__Source data__:
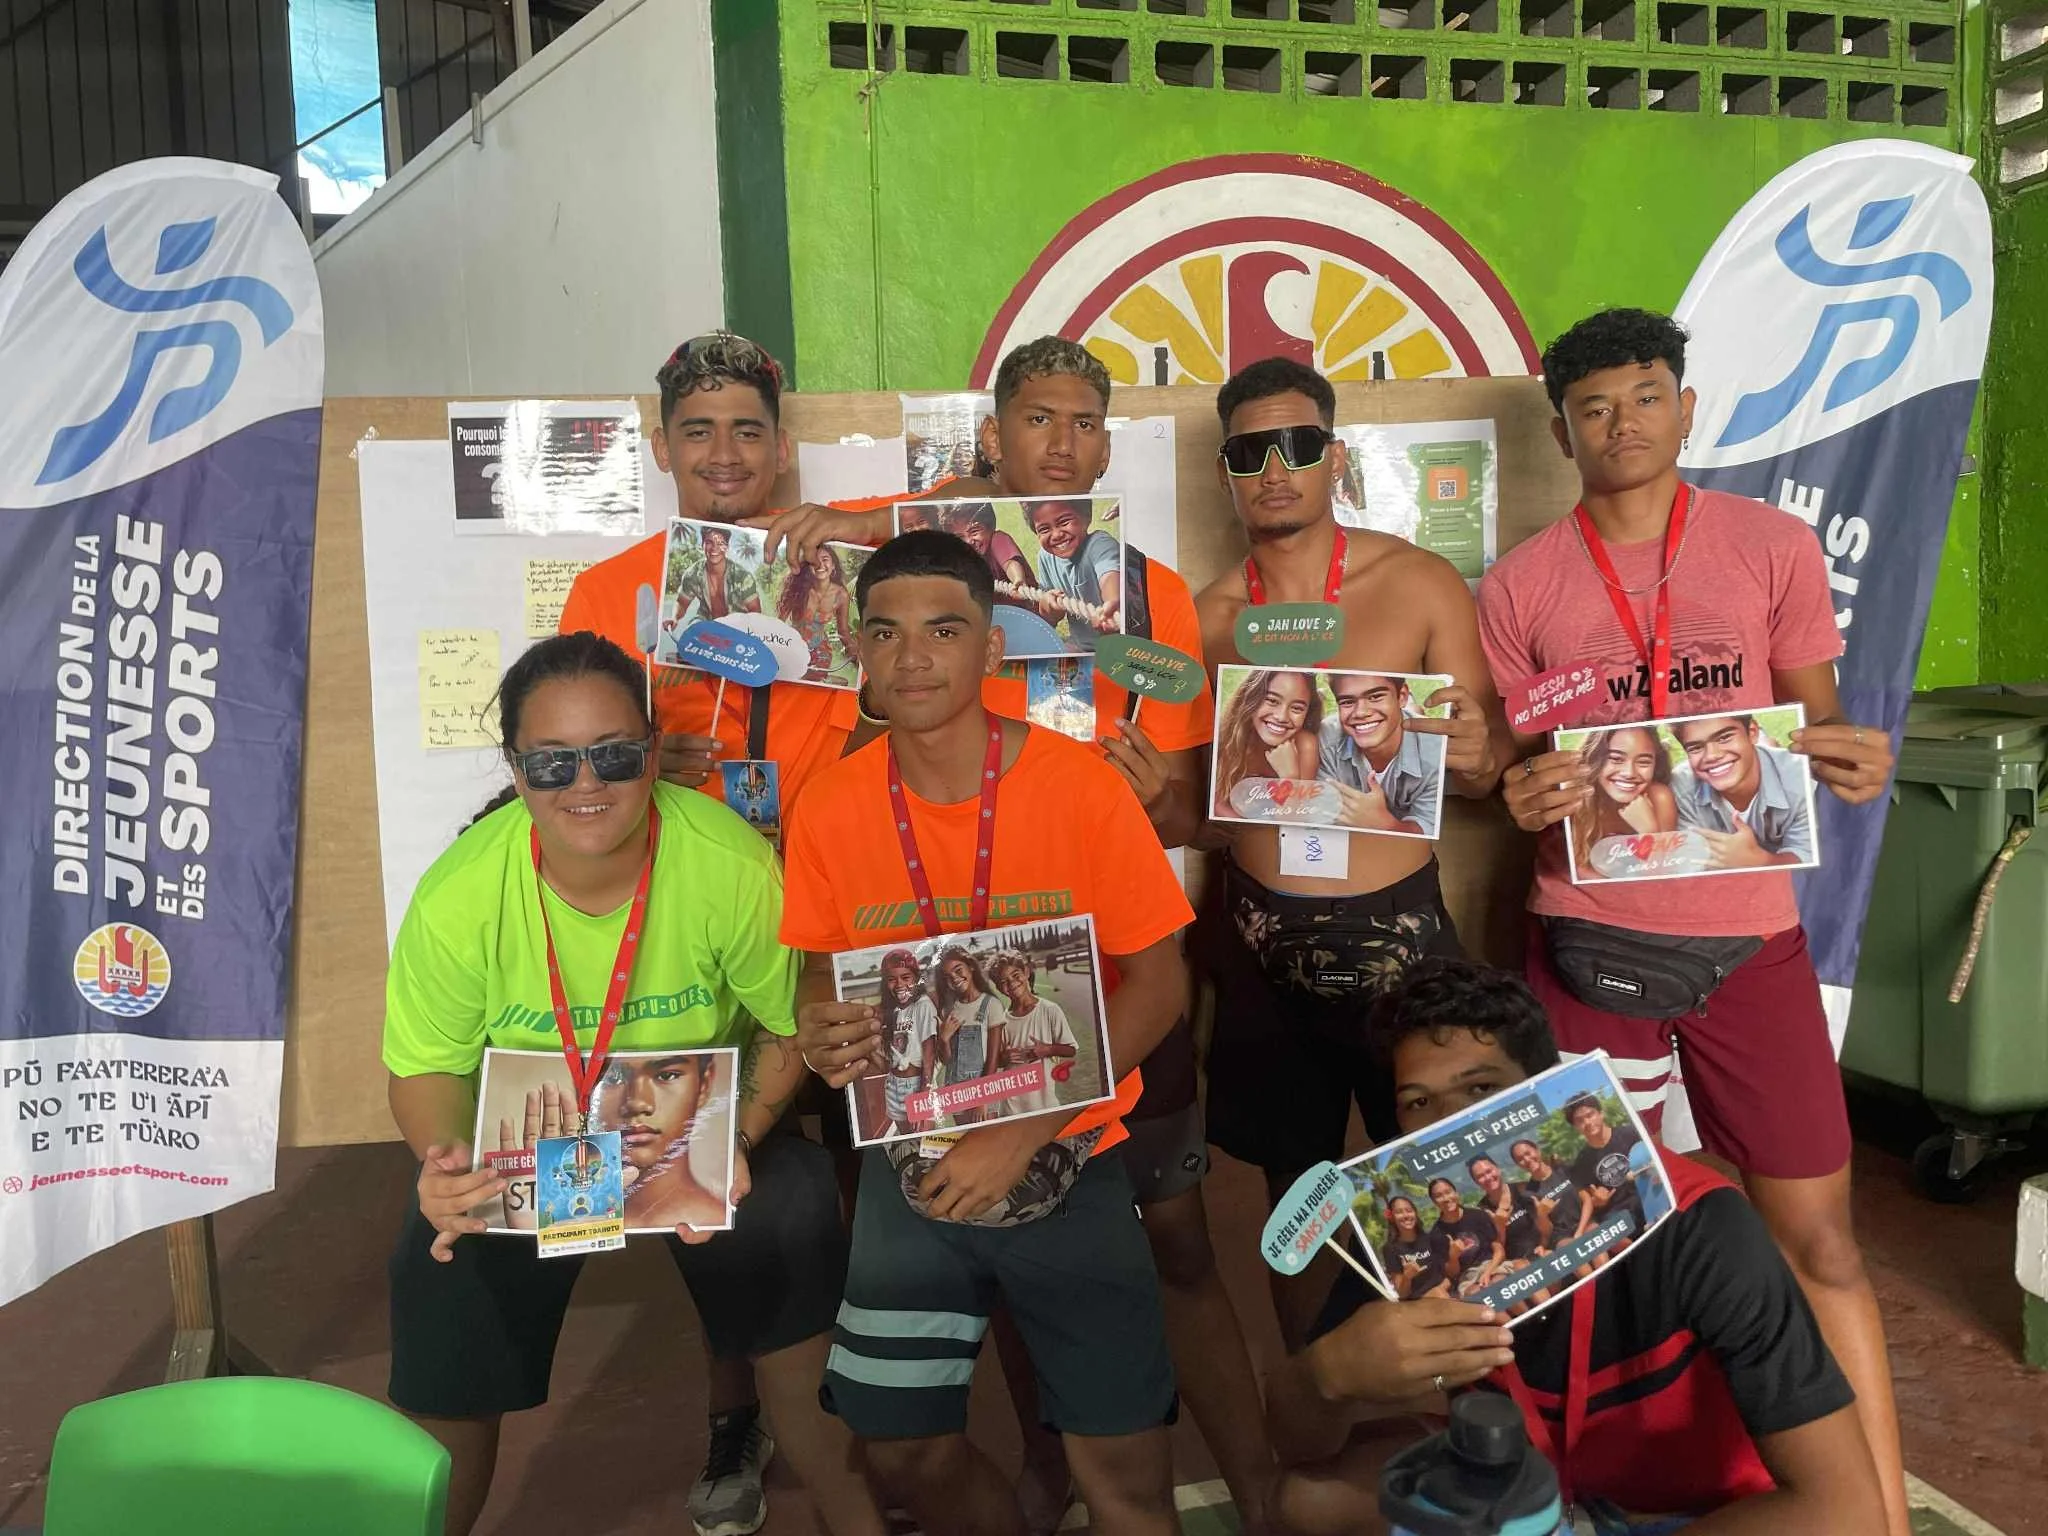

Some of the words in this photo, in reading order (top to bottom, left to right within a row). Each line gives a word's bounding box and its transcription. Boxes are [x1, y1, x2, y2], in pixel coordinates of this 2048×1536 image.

[456, 426, 497, 443] Pourquoi
[1153, 423, 1167, 438] 2
[74, 534, 100, 573] LA
[71, 575, 97, 617] DE
[1267, 618, 1290, 631] JAH
[1292, 617, 1321, 631] LOVE
[712, 654, 739, 668] sans
[1606, 653, 1744, 702] wZaland
[159, 548, 224, 855] SPORTS
[1514, 709, 1530, 725] NO
[1532, 700, 1550, 718] ICE
[1552, 688, 1574, 708] FOR
[1528, 674, 1566, 703] WESH
[104, 513, 164, 908] JEUNESSE
[53, 622, 95, 895] DIRECTION
[155, 875, 180, 915] ET
[181, 863, 207, 920] DES
[983, 1075, 1017, 1096] CONTRE
[1017, 1070, 1040, 1087] L'ICE
[19, 1096, 63, 1120] NO
[78, 1091, 117, 1112] TE
[31, 1131, 50, 1152] E
[65, 1123, 104, 1145] TE
[1412, 1141, 1461, 1171] L'ICE
[1464, 1129, 1487, 1147] TE
[1490, 1104, 1541, 1136] PIÈGE
[28, 1163, 229, 1192] jeunesseetsport.com
[491, 1155, 519, 1170] NOTRE
[520, 1152, 536, 1169] GÉN
[509, 1180, 537, 1211] ST
[1268, 1241, 1282, 1259] JE
[1276, 1220, 1299, 1247] GÈRE
[1293, 1206, 1310, 1226] MA
[1304, 1167, 1340, 1212] FOUGÈRE
[542, 1229, 588, 1240] PARTICIPANT
[1295, 1218, 1323, 1254] SANS
[1319, 1199, 1338, 1223] ICE
[1483, 1296, 1496, 1308] E
[1500, 1268, 1545, 1300] SPORT
[1550, 1254, 1573, 1271] TE
[1576, 1219, 1629, 1257] LIBÈRE

__Task objective__: Restate the records above word for word. Skip every picture.

__Answer to this exercise__:
Some of the words in this photo, in reading order (top to bottom, left to right within a row). Each line gives a word's bounding box and its transcription. Boxes are [x1, y1, x2, y2], in pixel coordinates of this 2048×1536 image.

[456, 426, 497, 443] Pourquoi
[1153, 423, 1167, 438] 2
[74, 534, 100, 573] LA
[71, 575, 97, 617] DE
[1267, 618, 1290, 631] JAH
[1292, 617, 1321, 631] LOVE
[712, 654, 739, 668] sans
[1606, 653, 1744, 702] wZaland
[159, 548, 224, 855] SPORTS
[1514, 709, 1530, 725] NO
[1532, 700, 1550, 718] ICE
[1552, 688, 1574, 708] FOR
[1528, 674, 1566, 703] WESH
[104, 513, 164, 908] JEUNESSE
[53, 622, 95, 895] DIRECTION
[155, 875, 180, 915] ET
[181, 863, 207, 920] DES
[983, 1075, 1017, 1096] CONTRE
[1017, 1070, 1040, 1087] L'ICE
[19, 1096, 63, 1120] NO
[78, 1091, 117, 1112] TE
[31, 1131, 50, 1152] E
[65, 1123, 104, 1145] TE
[1412, 1141, 1461, 1171] L'ICE
[1464, 1129, 1487, 1147] TE
[1490, 1104, 1541, 1136] PIÈGE
[28, 1163, 229, 1192] jeunesseetsport.com
[491, 1155, 519, 1170] NOTRE
[520, 1152, 536, 1169] GÉN
[509, 1180, 537, 1211] ST
[1268, 1241, 1282, 1259] JE
[1276, 1220, 1299, 1247] GÈRE
[1293, 1206, 1310, 1226] MA
[1304, 1167, 1340, 1212] FOUGÈRE
[542, 1229, 588, 1240] PARTICIPANT
[1295, 1218, 1323, 1254] SANS
[1319, 1199, 1338, 1223] ICE
[1483, 1296, 1496, 1308] E
[1500, 1268, 1545, 1300] SPORT
[1550, 1254, 1573, 1271] TE
[1576, 1219, 1629, 1257] LIBÈRE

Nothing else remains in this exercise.